Furthermore, bilinguals are twice as likely to recover their cognitive abilities after a stroke, as reported by The National Center for Biotechnology Information.
York University and the American Academy of Neurology also conducted their own studies about bilingualism and dementia. Both institutions found that switching from one language to the other activates areas of the brain responsible for executive functioning. This involves the same area that is responsible for completing tasks.
For multilingual individuals, learning a new language when you reach the age of 50 is a good way to improve brain health.
Functional Brain Benefits of Learning a New Language
The exciting, emerging field of studying bilingualism and cognition research is resulting in intriguing new findings. One of these is that a second language offers a strong exercise regimen for the brain’s executive control center, ultimately making it more efficient.
Research suggests that multilingual people activate all their languages and then select the relevant one(s) for the task in hand. The constant juggling between different sounds, words, concepts, and grammatical and social rules trains so-called ‘executive functions’ and keeps them in shape. These functions include attention switching, inhibition, and monitoring.
Better Concentration
In addition, bilingual adults concentrate better, ignoring extraneous stimuli more effectively than those who only speak one language. A study at Northwestern University showed that bilingual individuals were better at picking out a speaker’s voice amidst distracting noises.

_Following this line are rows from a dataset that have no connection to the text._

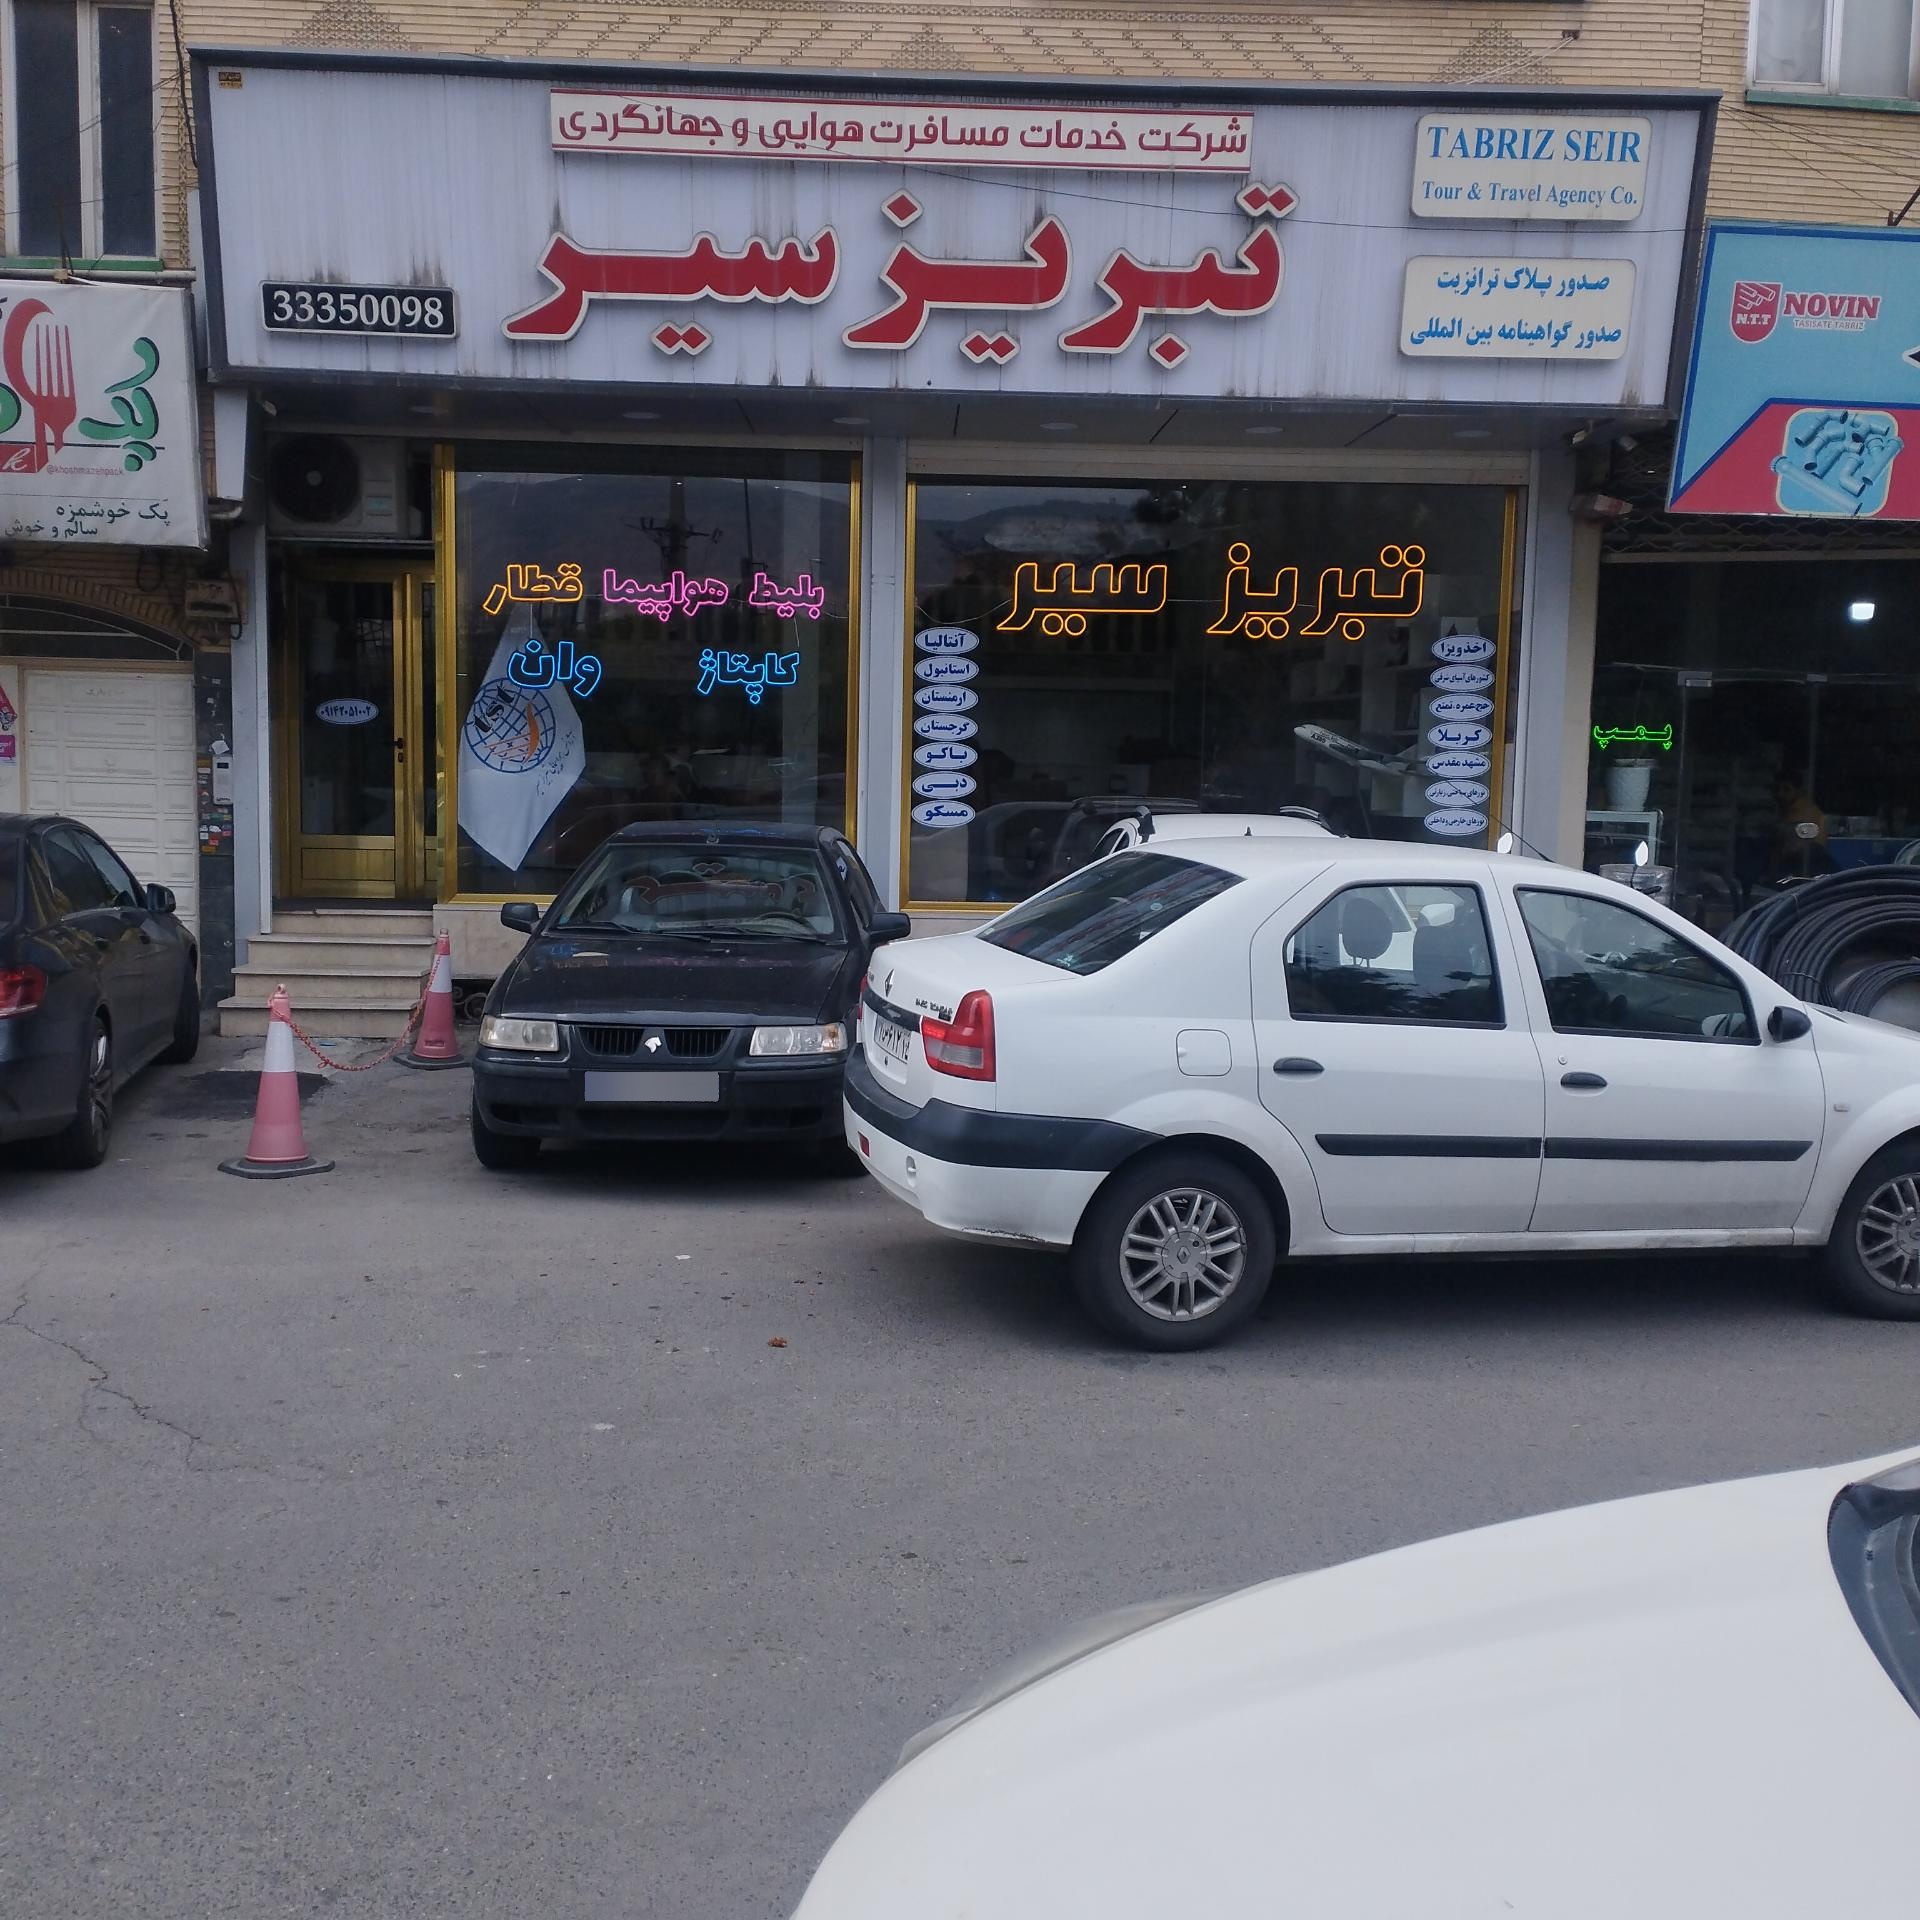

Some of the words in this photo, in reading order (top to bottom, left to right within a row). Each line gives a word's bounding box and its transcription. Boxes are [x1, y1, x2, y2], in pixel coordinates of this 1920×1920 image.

[558, 105, 723, 144] جهانگردی
[732, 119, 749, 145] و
[757, 110, 864, 150] هوایی
[869, 115, 1010, 153] مسافرت
[1019, 119, 1127, 151] خدمات
[1137, 116, 1247, 162] شرکت
[1427, 126, 1555, 161] TABRIZ
[1563, 129, 1642, 163] SEIR
[1423, 181, 1462, 199] Tour
[1467, 182, 1481, 200] &
[1489, 182, 1542, 202] Travel
[1546, 186, 1606, 208] Agency
[1610, 186, 1639, 205] Co.
[843, 182, 1298, 368] تبریز
[1436, 267, 1500, 295] ترانزیت
[1503, 267, 1553, 297] پلاک
[1555, 275, 1610, 297] صدور
[503, 226, 841, 356] سیر
[273, 290, 444, 329] 33350098
[1783, 293, 1881, 319] NOVIN
[1410, 317, 1463, 345] المللی
[1466, 324, 1494, 346] بین
[1498, 318, 1572, 347] گواهینامه
[1575, 326, 1622, 348] صدور
[55, 501, 131, 523] خوشمزه
[51, 526, 59, 538] و
[64, 521, 98, 538] سالم
[483, 563, 583, 615] قطار
[603, 568, 729, 621] هواپیما
[749, 572, 824, 619] بلیط
[996, 562, 1168, 636] سیر
[1206, 542, 1426, 640] تبریز
[924, 632, 966, 651] آنتالیا
[1440, 642, 1463, 657] ویزا
[1464, 641, 1487, 653] اخذ
[508, 639, 602, 697] وان
[923, 662, 970, 678] استانبول
[921, 689, 967, 706] ارمنستان
[920, 719, 970, 735] گرجستان
[1437, 729, 1482, 746] کربلا
[925, 746, 968, 763] باکو
[921, 777, 968, 793] دبی
[923, 804, 969, 821] مسکو

Enhanced Creative Thinking
Constructing sentences and meaning in a second language often requires more conscious thought. One study found that learning a foreign language enhanced people’s fluency, elaboration, originality, and flexibility, the four scales measured by the Torrance Test of Creative Thinking.
Make Better Decisions
An additional study showed that people thinking in a foreign language made smarter decisions. They were more likely to consider a question more slowly and analytically than in their native language. Additionally, biases and emotions are present when thinking in your native tongue. But when considering the same problem in a non-native tongue, subjects in the study demonstrated “enhanced deliberation” based more on cold hard logic.
Even a Little Language Helps
Growing evidence shows learning a new language can represent a “powerful tool to reorganize brain neuroplasticity.” Even relatively short, months-long language learning programs can help reshape brain networks, improve global cognition, and increase functional connectivity in aging people’s brains.
Physical Brain Benefits
Researchers using MRI scans discovered that the brains of the participants studying languages increased in size, while the brain sizes of the other group remained the same. Growth was primarily in the parts of the brain related to language skills.
Their results suggest learning a new language as an adult reroutes brain networks, igniting shifts that can have long-term implications on memory and cognitive function.
The changes observed were greatest when it came to reading a new language. Fewer changes happen when listening, and almost none when speaking.
A researcher at the BCBL Basque Center on Cognition, Brain, and Language, Kshipra Gurunandan, says that, in some ways, adult brains are more flexible than previously hypothesized.
“The brain remains flexible enough to learn new languages well into adulthood, even if nailing the accent might get harder with age,” Gurunandan says.